Art. 2 - Complementary Swimmer (hereafter referred to as Comp Swimmer):

  1. A Comp Swimmer is a non Regular Swimmer.
  2. A Comp Swimmer shall not score points.
  3. A Comp Swimmer swims at the discretion of the home team.
  4. A Comp Swimmer shall not swim in the Championship Meet.
  5. If a Comp Swimmer swims in a relay at a Dual Meet, that relay team shall not score points for that event.
  6. At the discretion of the teams, a Comp Swimmer may receive awards at the Comp Swimmer's team cost, not EBSL cost.

Art. 3 - Prior Competitive swim experience (hereafter referred to as an Organized Swim Program) (Scholastic Programs are exempt):

  1. USS
  2. City Recreation Programs (HARD, etc.)
  3. Organized Fitness Swim Programs (Club Sport, etc.)
  4. Any other recreational program (Contra Costa Swim League, Tri-City Swim League, etc.)

Section 2, Eligibility of an Individual

Art. 1 - Each family must have an EBSL League Application on file with the League Vice President or designee listing all of their swimmers prior to participation in a Dual Meet. The team President will verify (with a signature) having seen a copy of each swimmer's proof of birth (i.e. Birth Certificate) and attach a copy for the year 2000 for all swimmers. In subsequent years, only new swimmers will need to attach a copy proof of birth to the League Application.

Art. 2 - A swimmer's age as of June 1 will determine the age group that he/she will swim in for the entire swim season.

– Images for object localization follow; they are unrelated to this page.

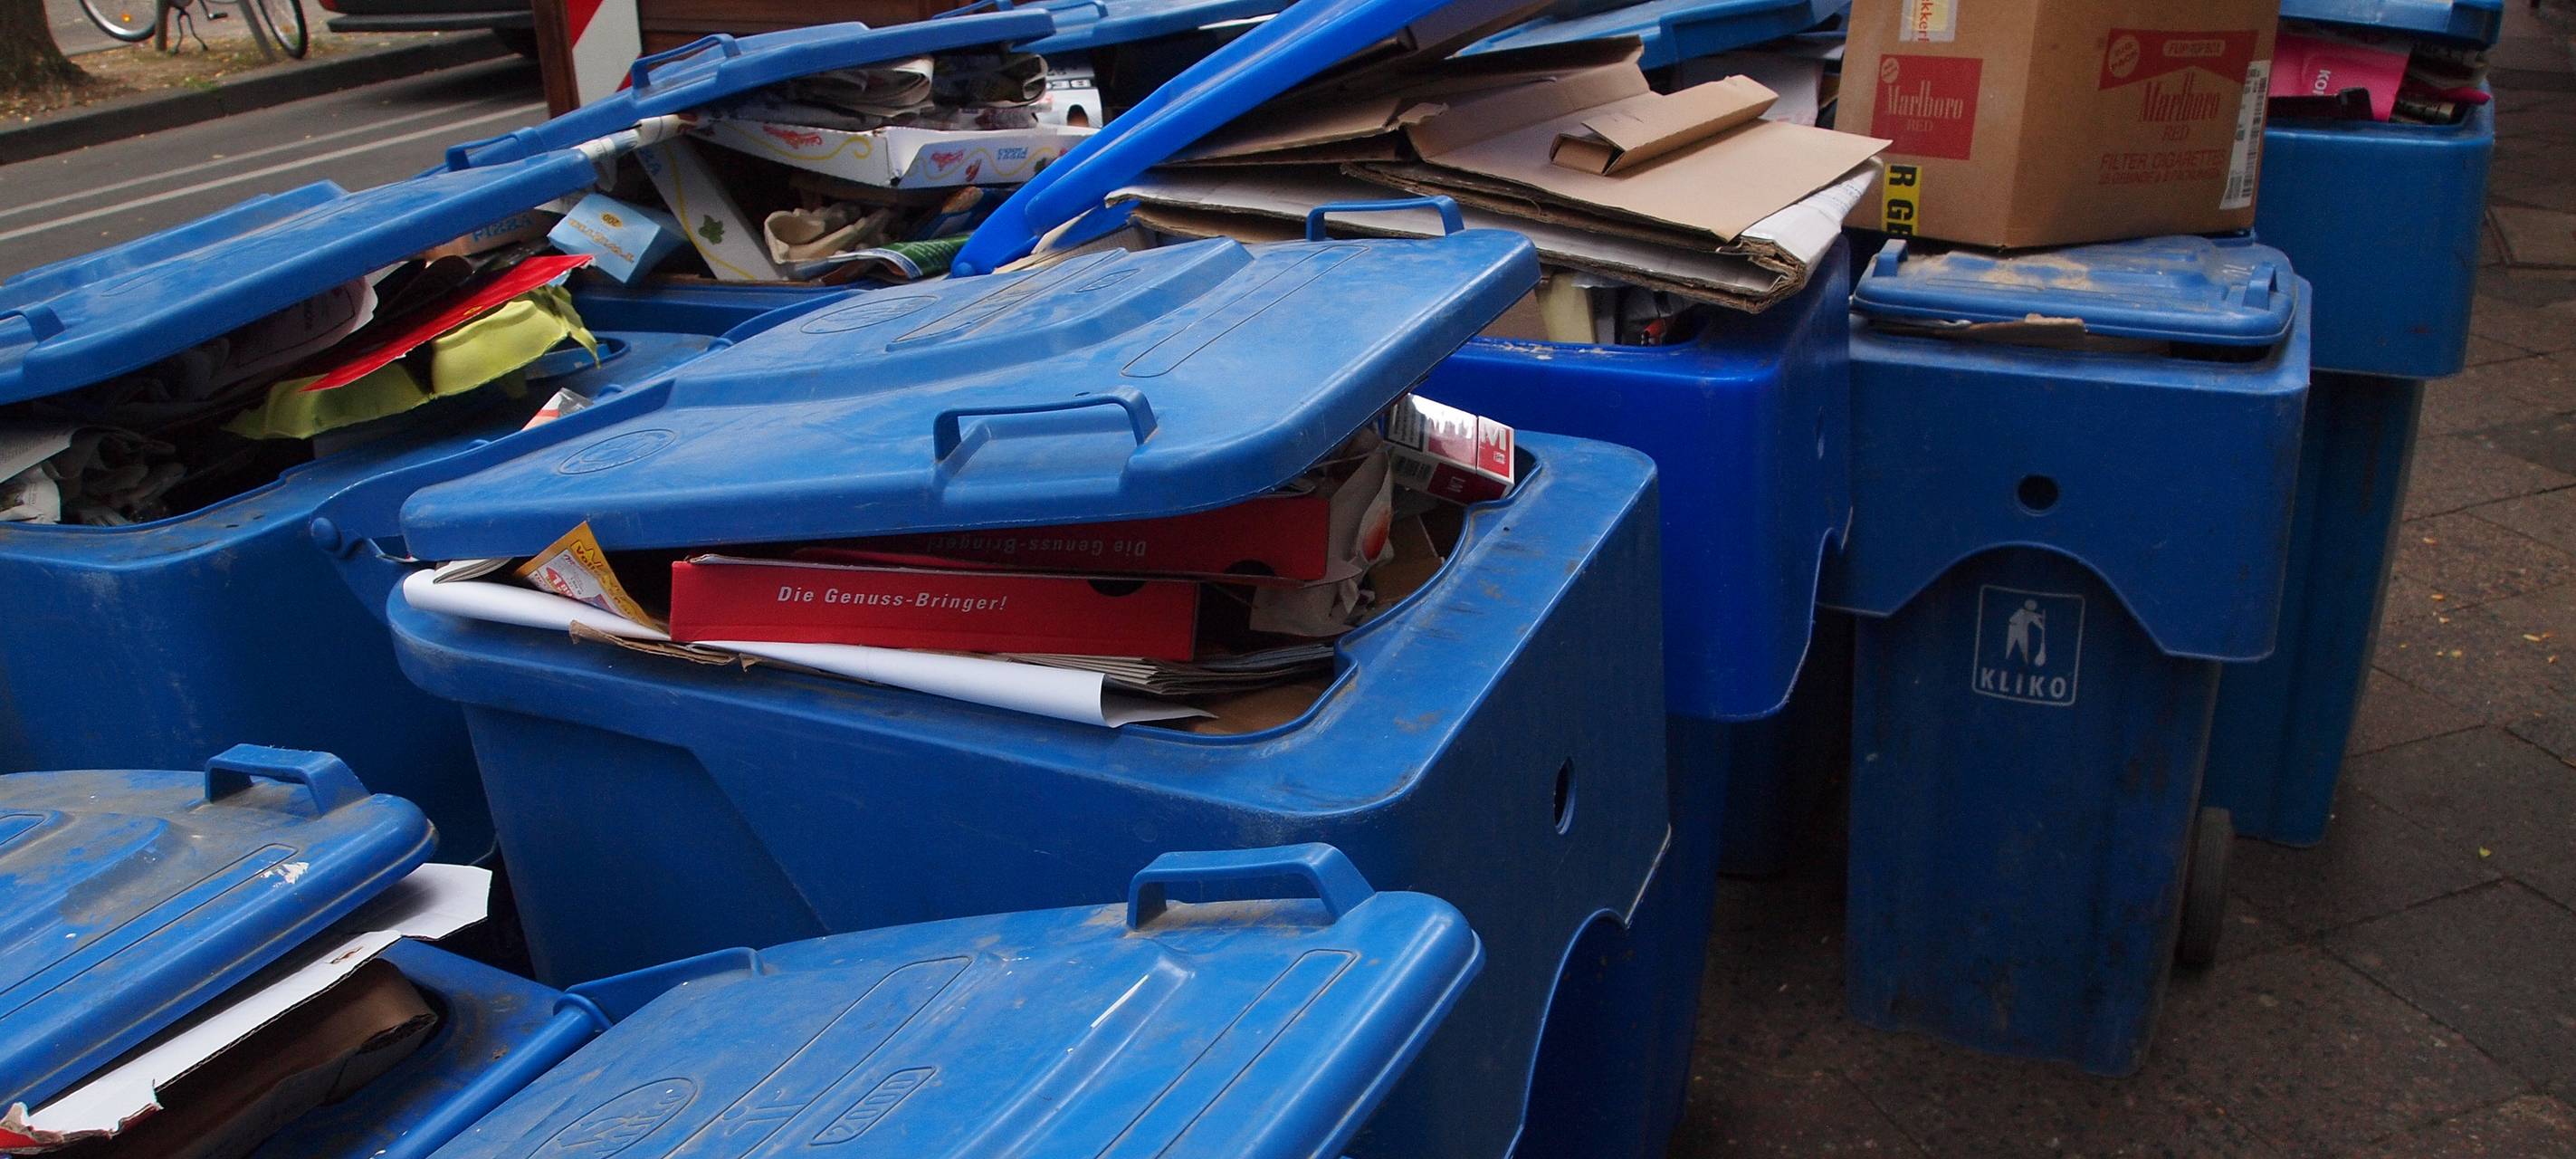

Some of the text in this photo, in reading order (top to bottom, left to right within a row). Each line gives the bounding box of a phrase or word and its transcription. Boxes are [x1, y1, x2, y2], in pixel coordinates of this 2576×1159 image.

[1886, 80, 1964, 120] Marlboro
[2140, 72, 2219, 121] Marlboro
[2100, 152, 2149, 171] FILTER
[1113, 541, 1147, 557] Die
[777, 586, 1007, 612] Die Genuss-Bringer!
[1980, 667, 2066, 699] KLIKO
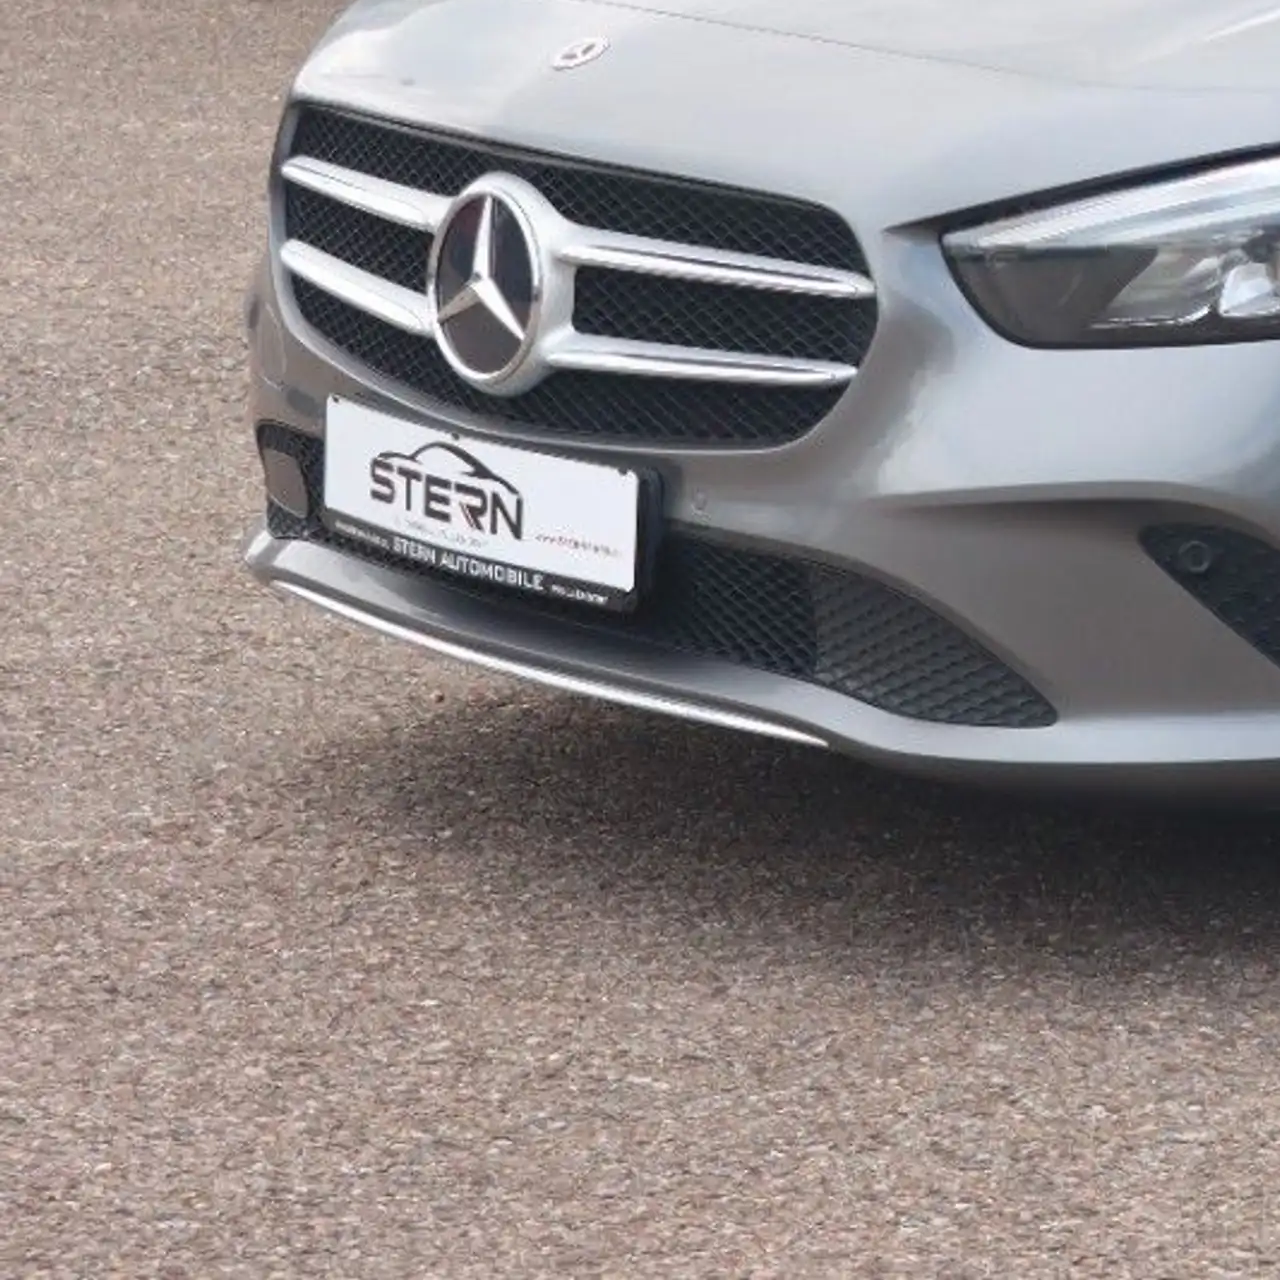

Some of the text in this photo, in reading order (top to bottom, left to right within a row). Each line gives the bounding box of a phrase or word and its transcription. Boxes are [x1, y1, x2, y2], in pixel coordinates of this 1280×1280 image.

Art. 3 - A swimmer who is 18 must have previously swum for his/her EBSL team.

Art. 4 (revised 2001) - Any swimmer is eligible to apply for participation in the EBSL season provided that the swimmer does not participate in any Organized Swim Program (excluding scholastic programs and those permitted under article 6 of this rule) from January 1 through March 31 of the same year. An EBSL swimmer shall not participate in any other Organized Swim Program (excluding scholastic programs) from April 1 to the end of the EBSL season.

Art. 5 (revised 2001) - A swimmer with 24 months of consecutive USS experience immediately prior to January 1 shall be able to participate only as a complementary swimmer for that season.

Art. 6 (revised 2001) - Swimmers may swim in instructional/conditioning swim classes (limited to swim lessons and stroke and turn clinics, not part of a competitive swim team) during the months of January, February and March not to exceed a total of 15 hours per month total water time during this period.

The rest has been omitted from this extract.